Images for object localization
◆ ◆ ◆

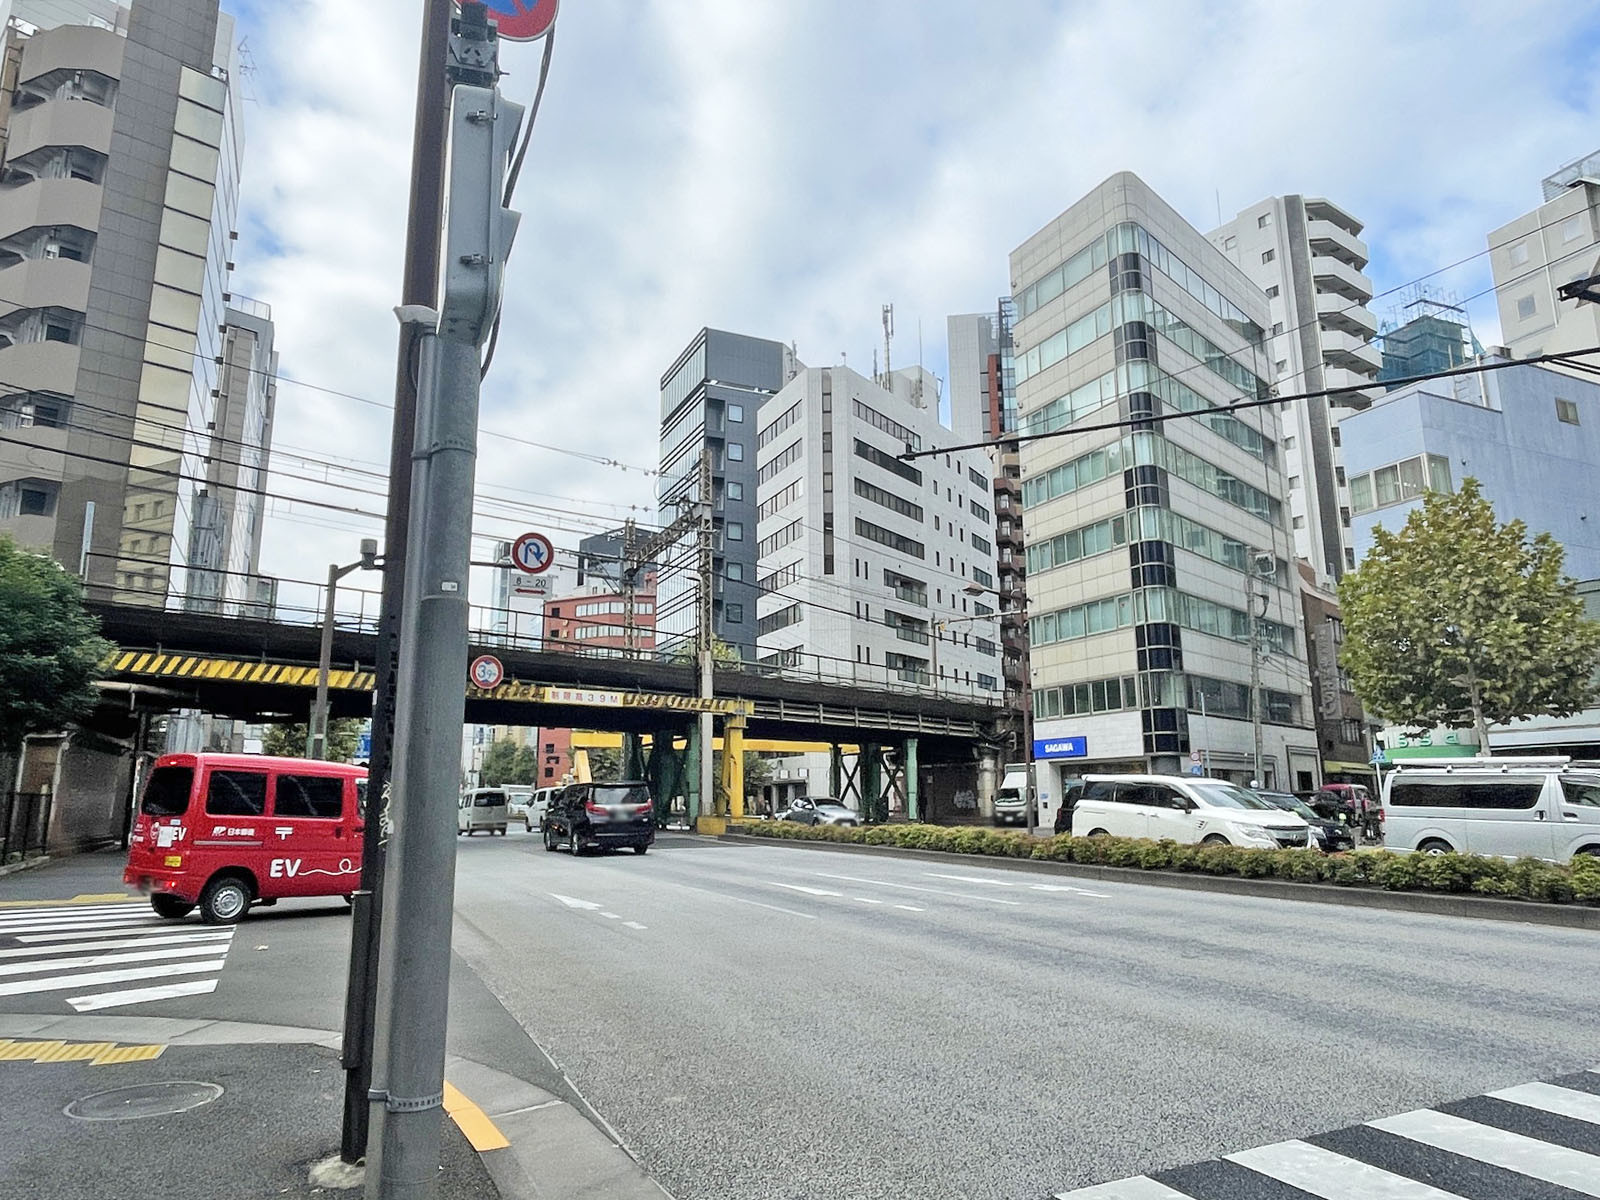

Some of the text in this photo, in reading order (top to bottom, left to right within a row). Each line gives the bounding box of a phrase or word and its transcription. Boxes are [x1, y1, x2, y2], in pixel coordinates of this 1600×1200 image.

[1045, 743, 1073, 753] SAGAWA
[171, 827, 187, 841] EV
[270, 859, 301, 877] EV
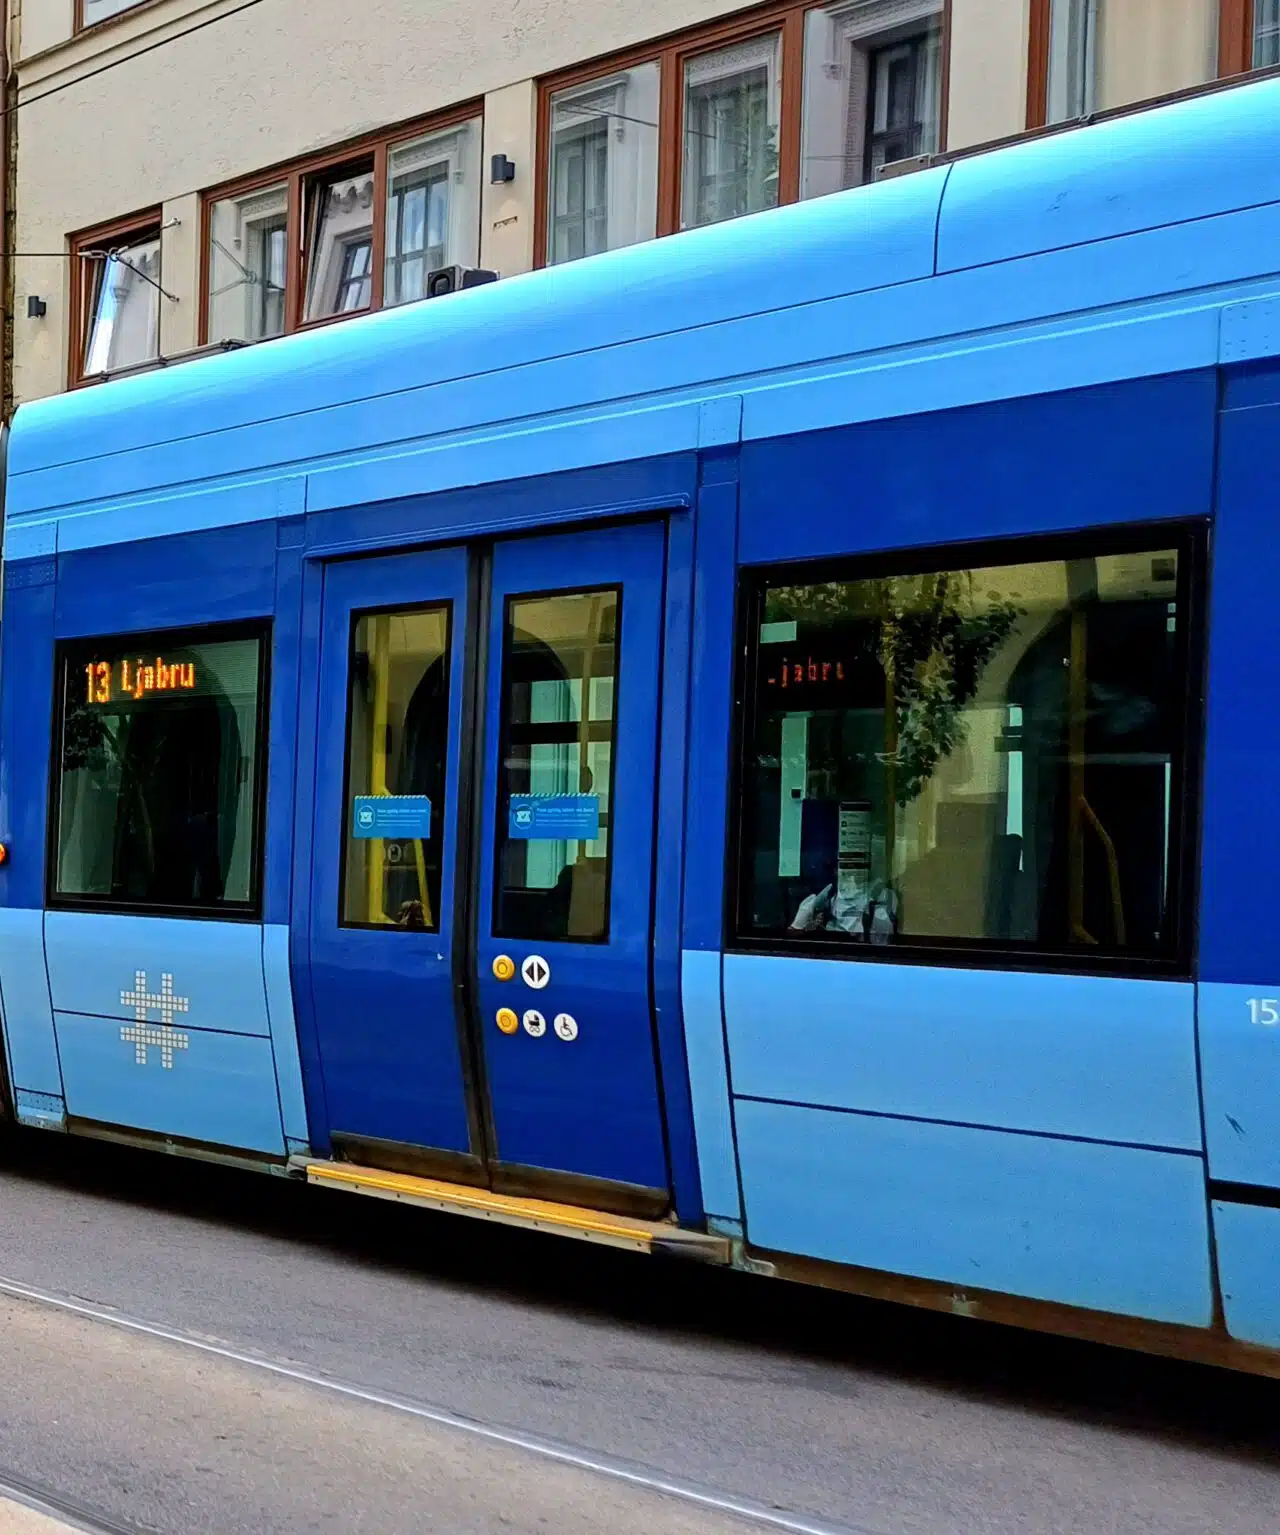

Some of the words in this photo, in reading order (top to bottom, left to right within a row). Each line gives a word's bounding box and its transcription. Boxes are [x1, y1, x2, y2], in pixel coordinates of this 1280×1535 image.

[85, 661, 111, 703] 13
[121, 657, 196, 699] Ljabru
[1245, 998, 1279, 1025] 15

◆ ◆ ◆

- [Exercise goal]:
Reproduce, word for word, every line starting at the line that contains "Some of the words" and ending with the final line of the entries.

- [Result for this task]:
Some of the words in this photo, in reading order (top to bottom, left to right within a row). Each line gives a word's bounding box and its transcription. Boxes are [x1, y1, x2, y2], in pixel coordinates of this 1280×1535 image.

[85, 661, 111, 703] 13
[121, 657, 196, 699] Ljabru
[1245, 998, 1279, 1025] 15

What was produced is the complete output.